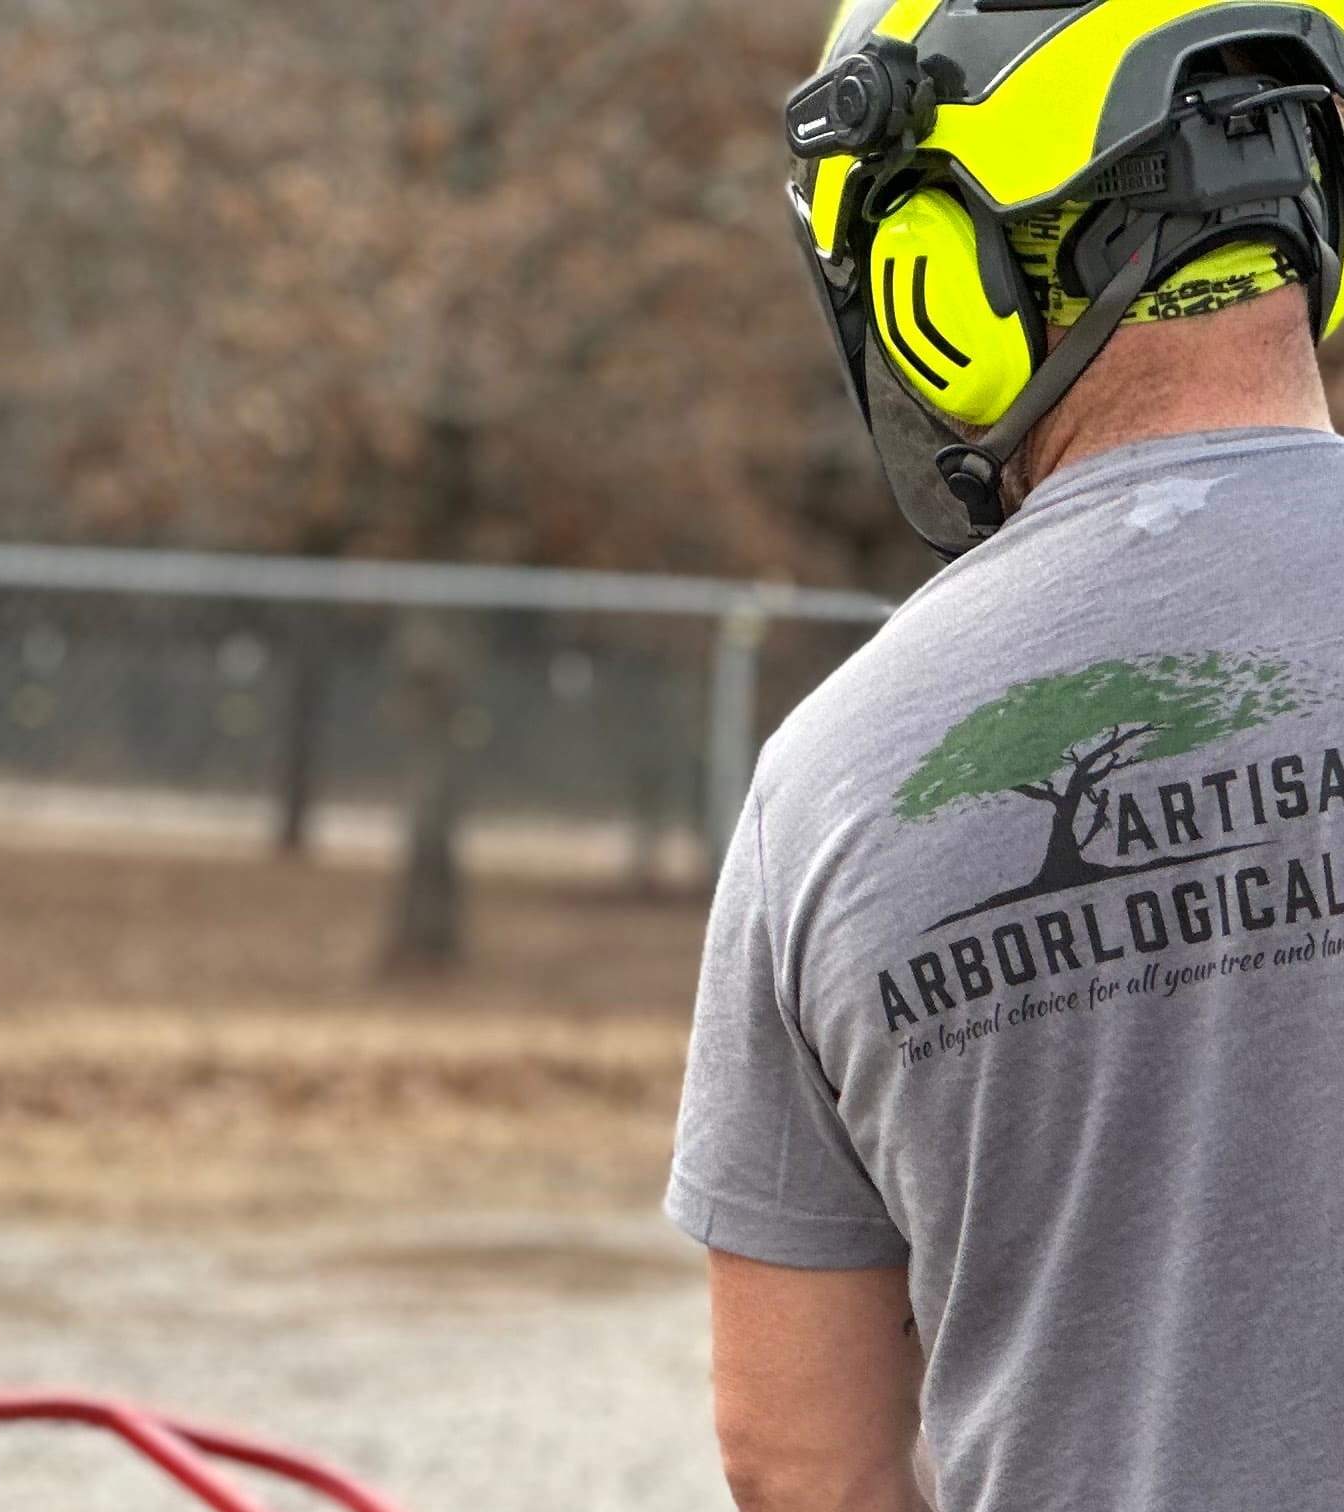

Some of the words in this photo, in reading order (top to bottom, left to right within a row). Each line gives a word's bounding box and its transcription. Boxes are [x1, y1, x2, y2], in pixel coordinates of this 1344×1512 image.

======

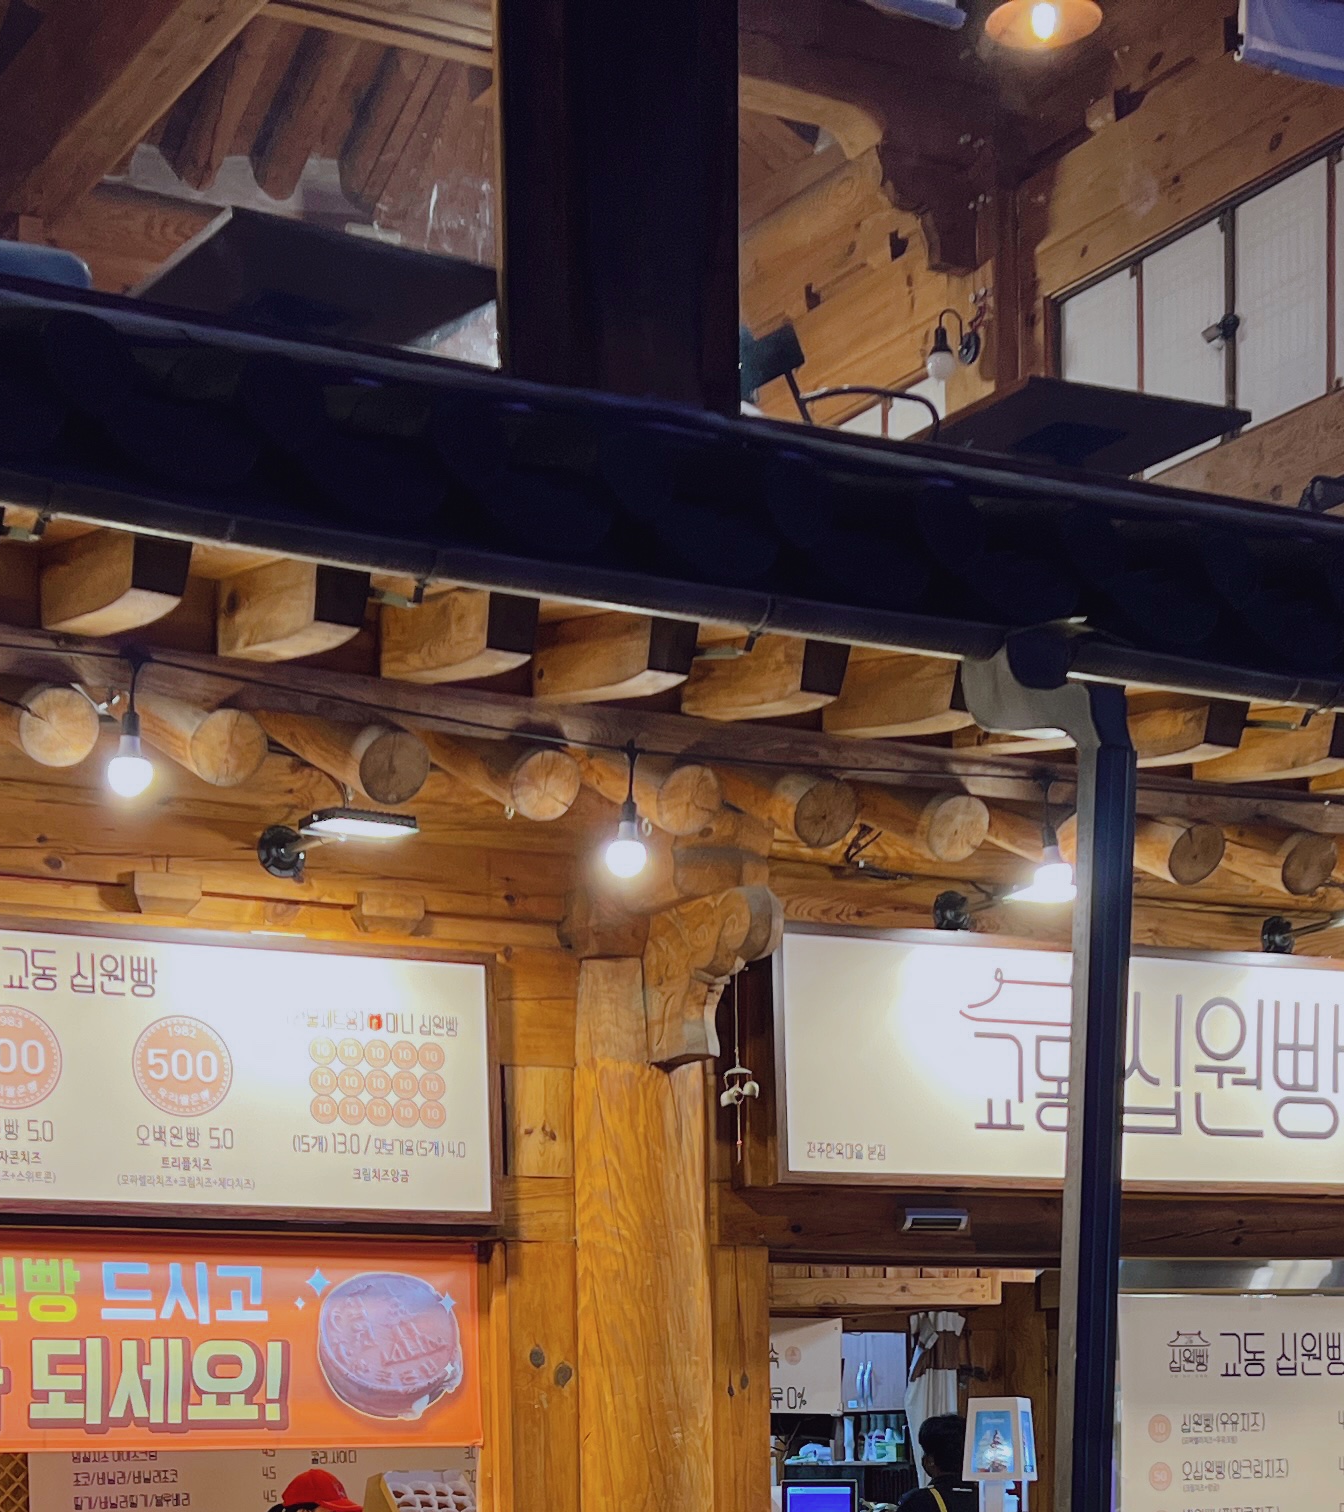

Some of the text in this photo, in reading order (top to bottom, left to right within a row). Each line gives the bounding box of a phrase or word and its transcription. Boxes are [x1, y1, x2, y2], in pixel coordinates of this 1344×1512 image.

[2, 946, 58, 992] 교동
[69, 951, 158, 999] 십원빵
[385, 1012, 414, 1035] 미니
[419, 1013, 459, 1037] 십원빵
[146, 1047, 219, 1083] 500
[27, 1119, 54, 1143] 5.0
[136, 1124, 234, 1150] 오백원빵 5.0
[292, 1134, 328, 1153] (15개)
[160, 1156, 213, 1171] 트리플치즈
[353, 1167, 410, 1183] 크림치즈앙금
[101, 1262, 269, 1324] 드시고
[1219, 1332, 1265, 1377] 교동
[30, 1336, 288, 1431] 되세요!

======

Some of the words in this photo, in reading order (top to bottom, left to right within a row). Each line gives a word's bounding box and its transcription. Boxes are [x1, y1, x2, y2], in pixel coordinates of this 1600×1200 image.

======

Filter the entries above down to the lines that contain "words".

Answer space =>
Some of the words in this photo, in reading order (top to bottom, left to right within a row). Each line gives a word's bounding box and its transcription. Boxes are [x1, y1, x2, y2], in pixel coordinates of this 1344×1512 image.
Some of the words in this photo, in reading order (top to bottom, left to right within a row). Each line gives a word's bounding box and its transcription. Boxes are [x1, y1, x2, y2], in pixel coordinates of this 1600×1200 image.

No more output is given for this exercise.